GSA Annual Meeting in Phoenix, Arizona, USA - 2019

Paper No. 59-1
Presentation Time: 1:30 PM

CENOZOIC MAGMATISM AND PLATE TECTONICS IN WESTERN NORTH AMERICA: HAVE WE GOT IT WRONG? (Invited Presentation)


GLAZNER, Allen F., Dept. of Geological Sciences, University of North Carolina, Chapel Hill, NC 27599-3315

Many fundamental concepts of plate tectonics were developed from observations in western North America in the 1960s and 1970s. In particular, Warren Hamilton and Tanya Atwater placed Mesozoic and Cenozoic magmatism into a plate-tectonic framework in truly pioneering papers. Their basic understanding—that the magmatic and tectonic history of the area resulted from subduction of oceanic plates followed by ongoing conversion of the continental margin into a transform boundary—inspired a blast of creative new postulates, including the northward retreat of an ancestral Cascade Range, shallowing and then rapid steepening of the subducted Farallon plate to produce sweeps of magmatism, and opening of slab windows and consequent alkali-basaltic volcanism. These ideas led a callow undergraduate (me) to investigate the K2O contents of lavas to determine the dip of the Miocene slab. There seemed to be no end to links between magmatism and plate tectonics, and the ideas of the 70s still underlie tectonic interpretations today.

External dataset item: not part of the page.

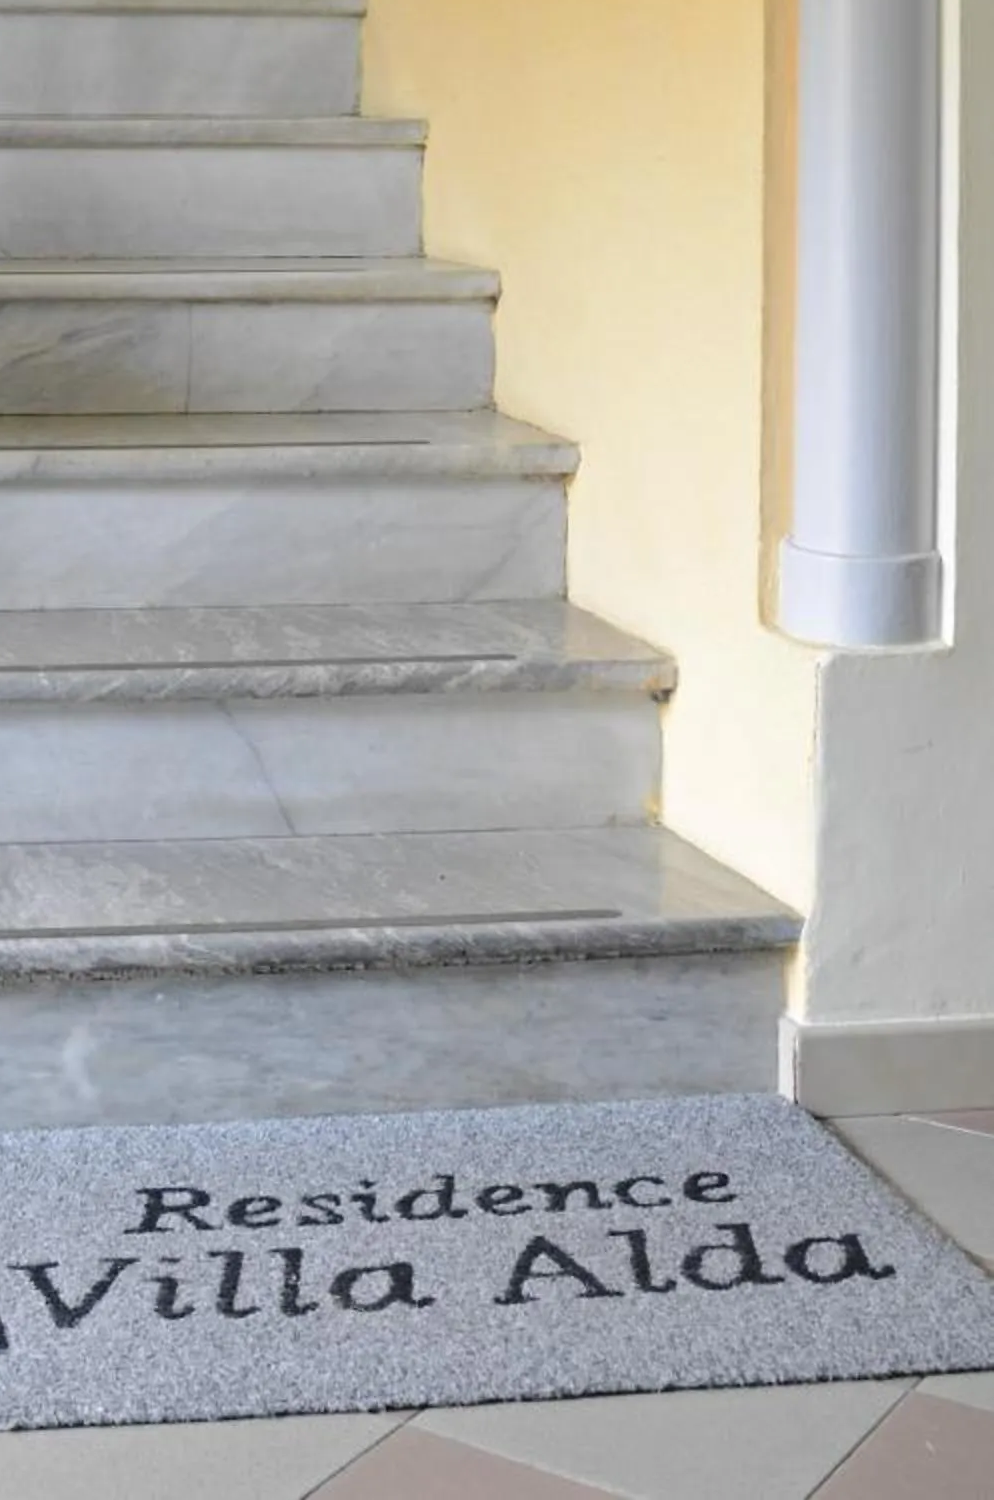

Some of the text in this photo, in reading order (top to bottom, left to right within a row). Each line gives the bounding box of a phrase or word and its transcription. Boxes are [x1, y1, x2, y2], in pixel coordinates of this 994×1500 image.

The 1970s papers that followed Hamilton and Atwater were based on limited data that had to be hand-compiled on paper, but we can now test them with NAVDAT, which has extensive data for over 65,000 samples. Alas, space-time patterns of magmatism examined via time animations in many ways contradict the classic plate tectonic history. For example, there is no evidence for an ancestral Cascade arc in central and southern California; the eastward/westward sweeps of magmatism that should mark Late Cretaceous/Neogene changes in slab dip are not evident; and patterns of basaltic magmatism bear little if any relationship to postulated slab windows. In and around southern California the Tertiary record of magmatism is nearly opposite that predicted by the ancestral Cascade hypothesis: no magmatism after the Late Cretaceous shutdown of the Sierran arc until subduction ended at a given latitude, followed by a huge blast of subduction-like volcanism.

Given the misfit between the magmatic record and our current understanding of the plate tectonic history, it is time to reexamine that history. It is hard to see how the plate-circuit reconstructions can be in significant error, but it is difficult to reconcile the magmatic record with them. Something fundamental is wrong.